Mobile medicine has arrived. Decatur County Memorial Hospital in Greensburg became the first hospital in Indiana to start using AirStrip OB, a patient-monitoring system that sends things like the heartbeat waves of patients directly to physicians’ iPhones, BlackBerrys or other mobile devices.
Decatur County will use the technology for pregnant women in labor. By sending the heartbeats of the baby and the contraction patterns of the mom to the OB/GYN on call, the physician can see when he or she needs to get to the delivery room.
Additional patient data is also accessible, including nursing notes, vital signs and physician order results.
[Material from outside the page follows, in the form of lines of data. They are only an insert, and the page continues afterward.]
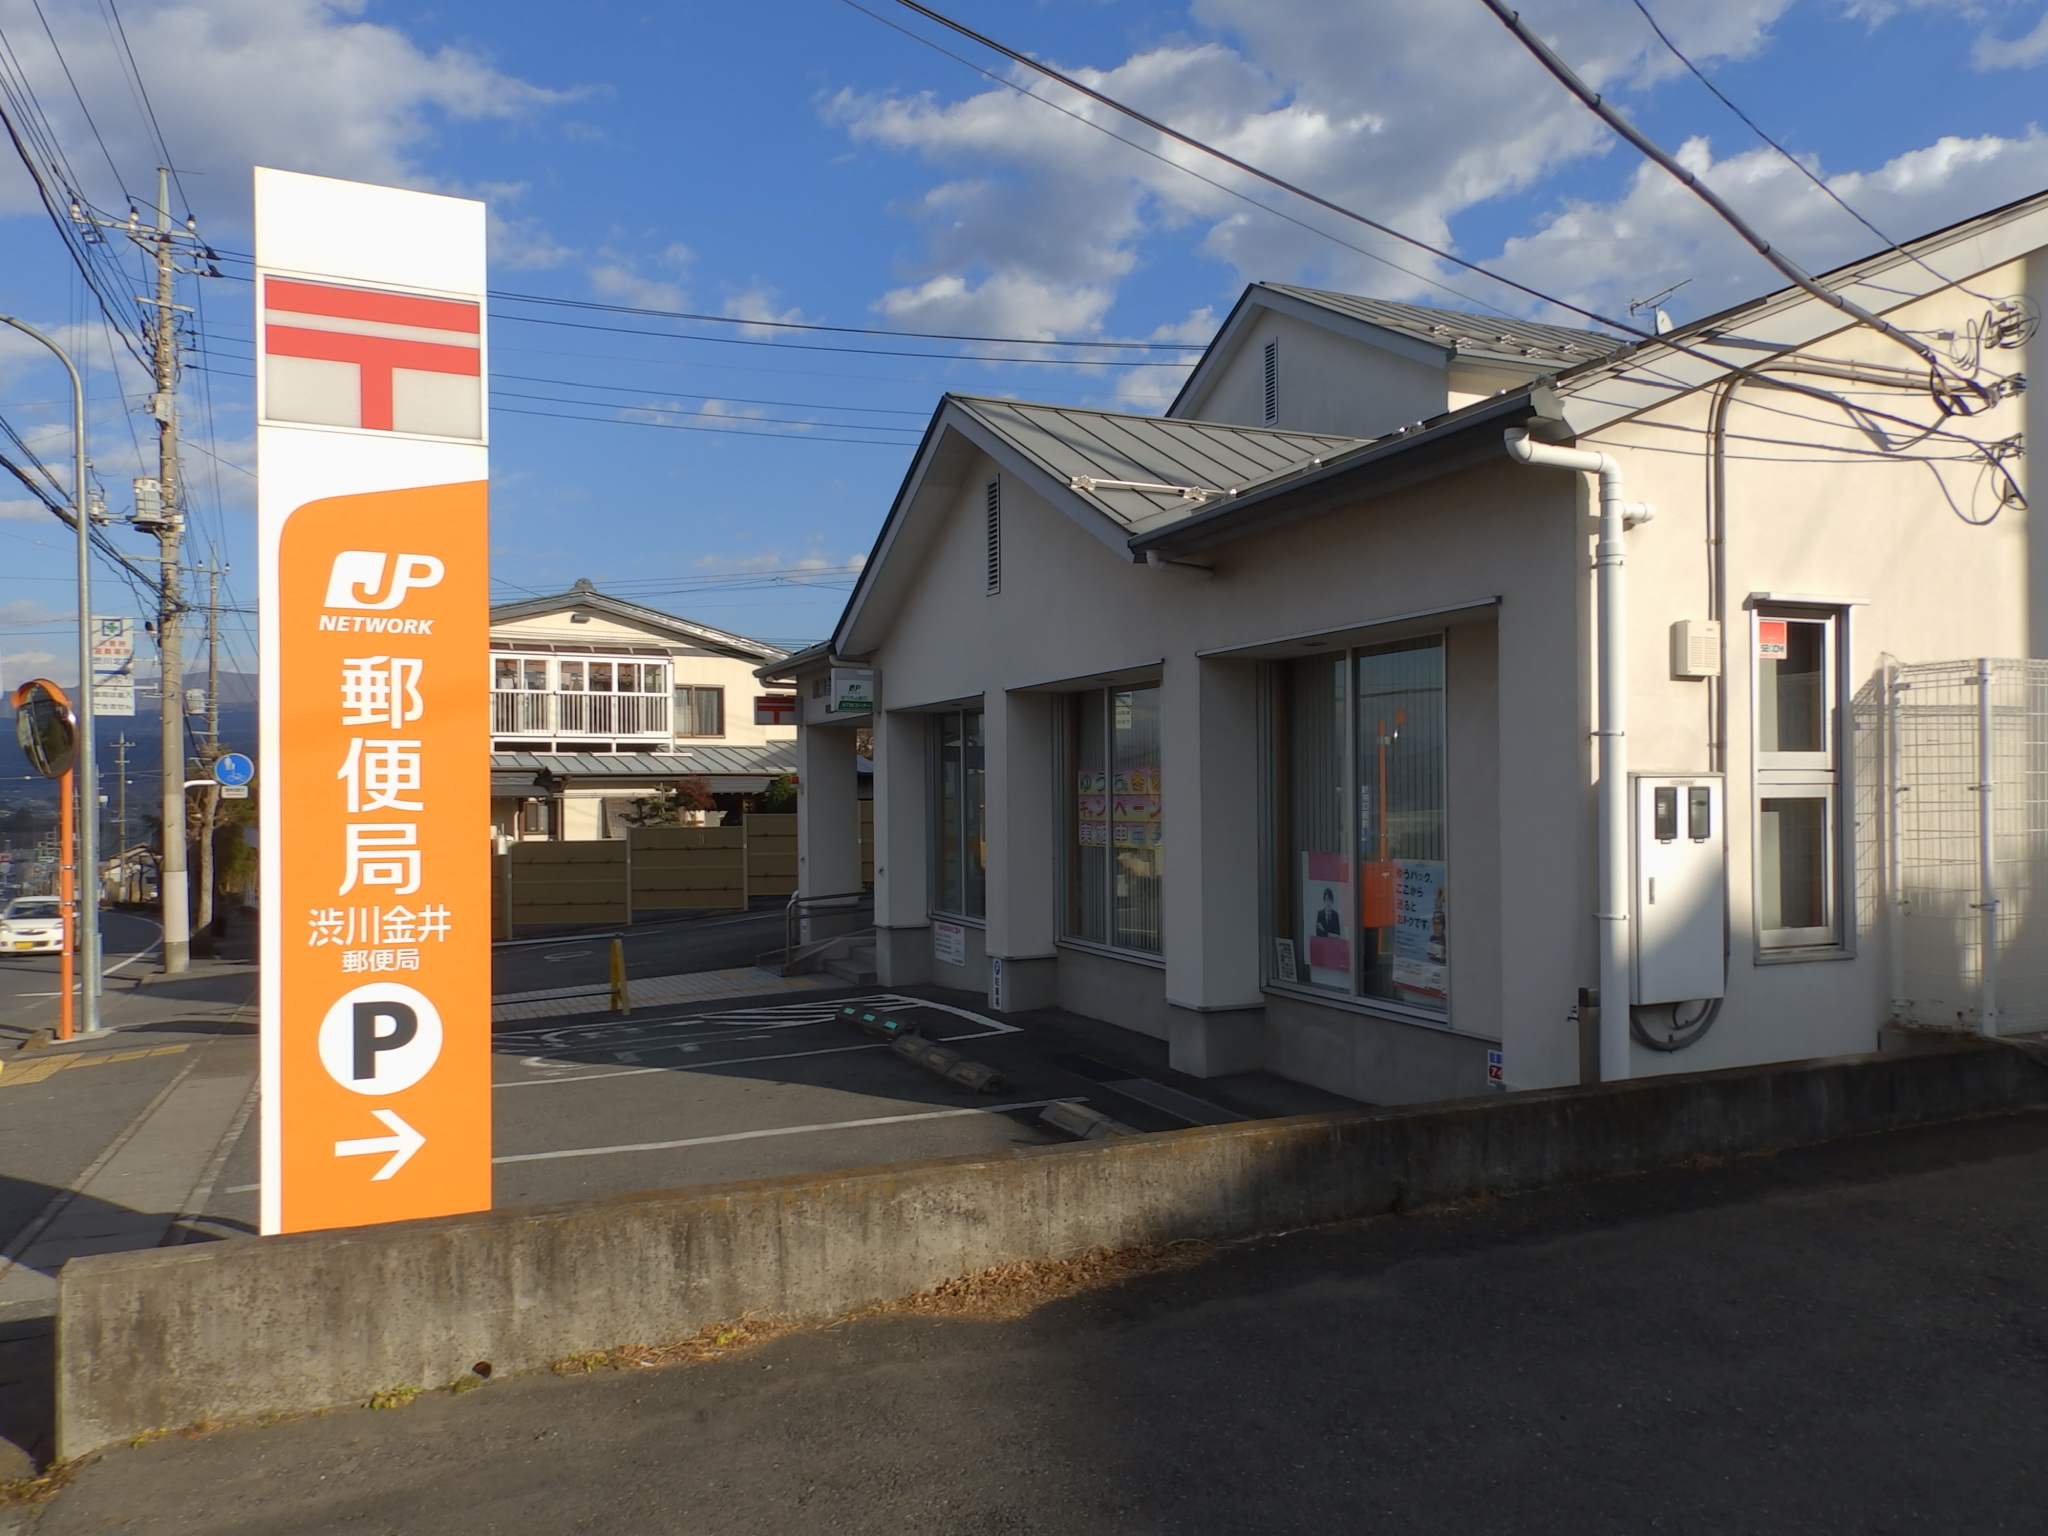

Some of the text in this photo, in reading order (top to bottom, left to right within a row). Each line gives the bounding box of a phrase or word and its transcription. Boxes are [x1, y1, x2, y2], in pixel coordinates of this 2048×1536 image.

[318, 613, 434, 636] NETWORK
[1760, 643, 1785, 653] SECOM
[337, 654, 426, 897] 郵便局
[1395, 883, 1424, 899] ここから
[1395, 899, 1418, 913] 送ると
[307, 903, 452, 948] 渋川金井
[340, 949, 420, 973] 郵便局
[351, 1000, 419, 1081] P
“No matter the demands of the day or location, a physician can closely watch their patients in labor and be in a position to react immediately to a change in situation. That fact can only contribute to improved patient care,” Decatur County’s CEO Bill Alloy said in a statement.
Mobile devices are increasingly used by health care workers, and not just in tiny hospitals like Decatur County. Indianapolis-based Clarian Health hopes to use mobile devices to help physicians communicate better with one another, which is key to Clarian’s efforts to “clinically integrate” hundreds of physicians spread across scores of facilities.
Such coordination of care, in theory, could help physicians catch developing problems earlier and avoid redundant tests, thereby saving money. The new U.S. health-reform law tries to encourage such coordination as one method of slowing the growth of health care costs.